WHAT YOU WILL DO: Restate the records underneath, keeping each one exactly the same.

(Items from a dataset)
• • •

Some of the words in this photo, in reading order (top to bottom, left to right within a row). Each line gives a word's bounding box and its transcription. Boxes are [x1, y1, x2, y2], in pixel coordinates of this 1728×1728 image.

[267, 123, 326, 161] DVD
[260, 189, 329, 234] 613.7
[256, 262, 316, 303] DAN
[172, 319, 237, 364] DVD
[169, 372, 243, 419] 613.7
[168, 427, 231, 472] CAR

• • •

RESULT:
Some of the words in this photo, in reading order (top to bottom, left to right within a row). Each line gives a word's bounding box and its transcription. Boxes are [x1, y1, x2, y2], in pixel coordinates of this 1728×1728 image.

[267, 123, 326, 161] DVD
[260, 189, 329, 234] 613.7
[256, 262, 316, 303] DAN
[172, 319, 237, 364] DVD
[169, 372, 243, 419] 613.7
[168, 427, 231, 472] CAR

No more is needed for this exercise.